18F-FDG PET imaging in IgG4-related disease

Extra-pancreatic findings have been described by 18F-FDG PET imaging in IgG4-related disease in case reports[79-82] and case series’ (Figures 2 and 3)[69,83,84]. In one study of six patients with AIP, whole-body 18F-FDG PET or PET/CT examinations were reviewed at baseline and during or following steroid therapy in 5 patients (and in one patient who did not receive steroid therapy)[82]. Baseline PET imaging revealed intense pancreatic in all six patients. Intense 18F-FDG uptake at pancreatic and extra-pancreatic sites resolved during or following steroid therapy in five patients; in the one other patient, who did not receive steroid therapy, pancreatic uptake resolved while uptake persisted at salivary glands and lymph nodes. In the series of Matsubayashi et al[69], extra-pancreatic uptake abnormalities were observed in 11 of 13 (85%) of cases; among 11 cases with follow-up PET imaging, abnormalities either resolved or decreased at three-month follow-up PET imaging in seven of nine (78%) cases.

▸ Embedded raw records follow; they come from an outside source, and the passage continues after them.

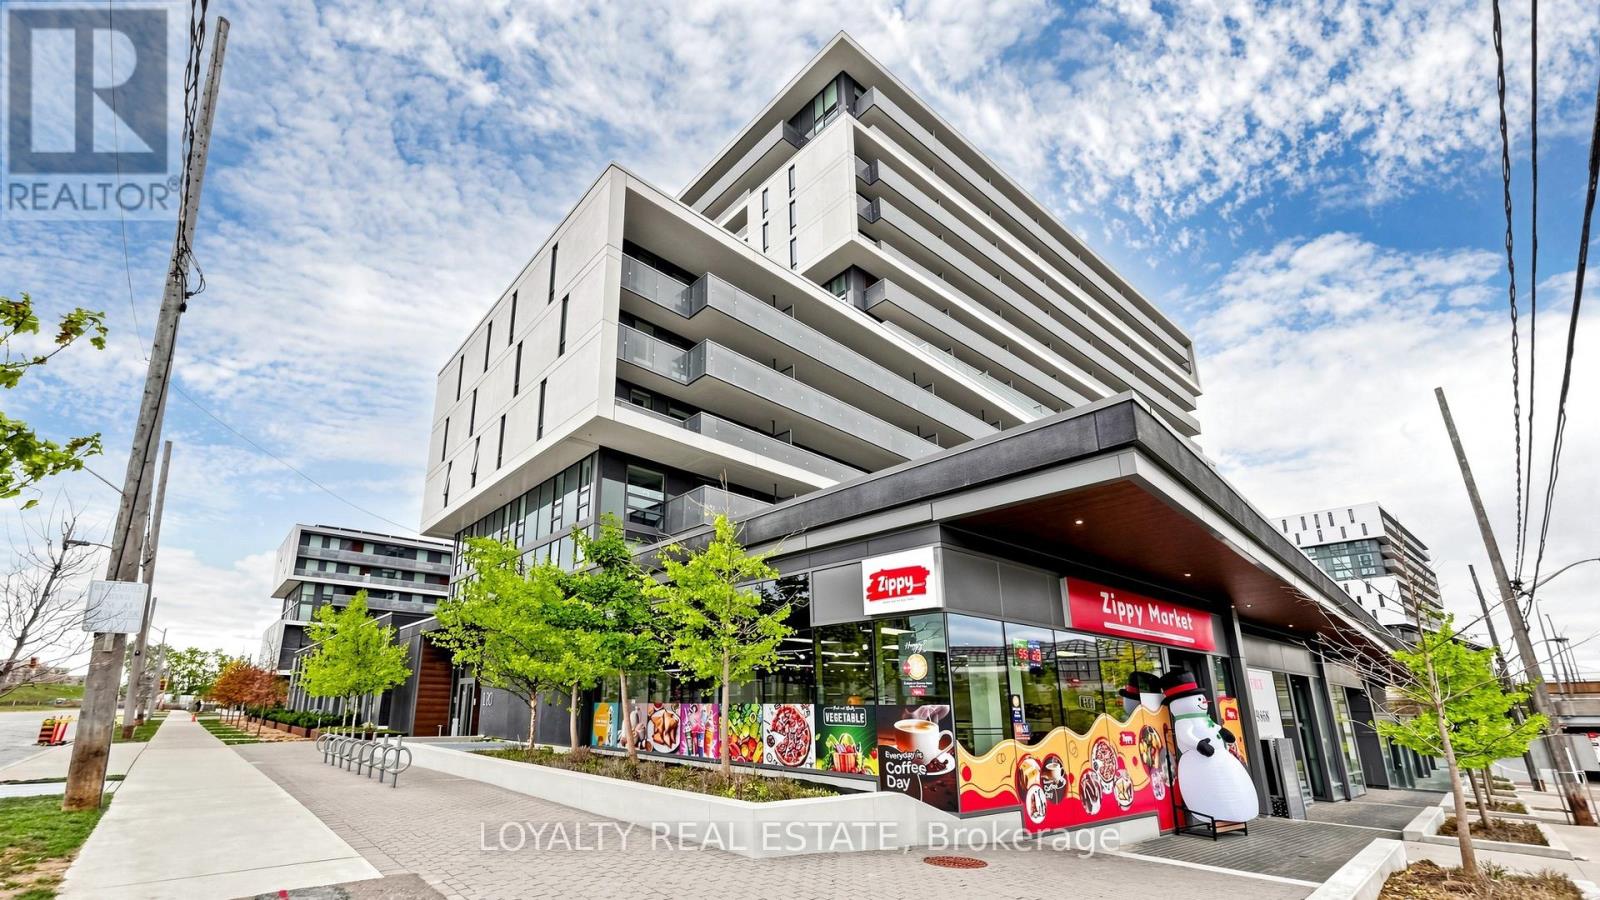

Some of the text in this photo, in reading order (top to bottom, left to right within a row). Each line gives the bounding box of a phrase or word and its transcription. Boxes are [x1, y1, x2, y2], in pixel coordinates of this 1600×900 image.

[877, 575, 925, 596] Zippy
[1100, 591, 1193, 630] Zippy Market
[825, 711, 865, 724] VEGETABLE
[884, 750, 915, 761] Everyday
[885, 761, 928, 776] Coffee
[886, 774, 911, 792] Day

The utility of FDG-PET in the staging and monitoring of IgG4-related disease was evaluated in a multicenter retrospective study involving 46 18F-FDG PET/CT examinations among 21 patients[83,84]. Imaging at diagnosis or onset of relapsed disease was available for 19 patients, with abnormal 18F-FDG uptake detected among all 19 patients (100%). Results of FDG-PET/CT before and after treatment were available for 12 patients. Follow-up 18F-FDG PET imaging demonstrated the following: complete normalization of 18F-FDG uptake in five patients (42%); mixed response in three patients (25%), with sites of complete resolution, increase in uptake at existing sites, and foci of new uptake; no change in uptake abnormality in two patients (17%); and increased 18F-FDG uptake despite treatment in two patients (17%), leading to new diagnoses of B-cell lymphoma and Castleman’s disease. Correlative concurrent imaging via other modalities (US, CT, MRI) was available for 31 PET/CT evaluations. When abnormal findings from clinical examination or other imaging modalities were taken as the reference standard, the sensitivity for the PET/CT and CT to detect IgG4-RD organ involvement was 83% and 73%, respectively. False-negative PET/CT findings were associated with small focal lesions of the lacrimal glands, kidneys, lungs, and pachymeninges, or for inactive disease.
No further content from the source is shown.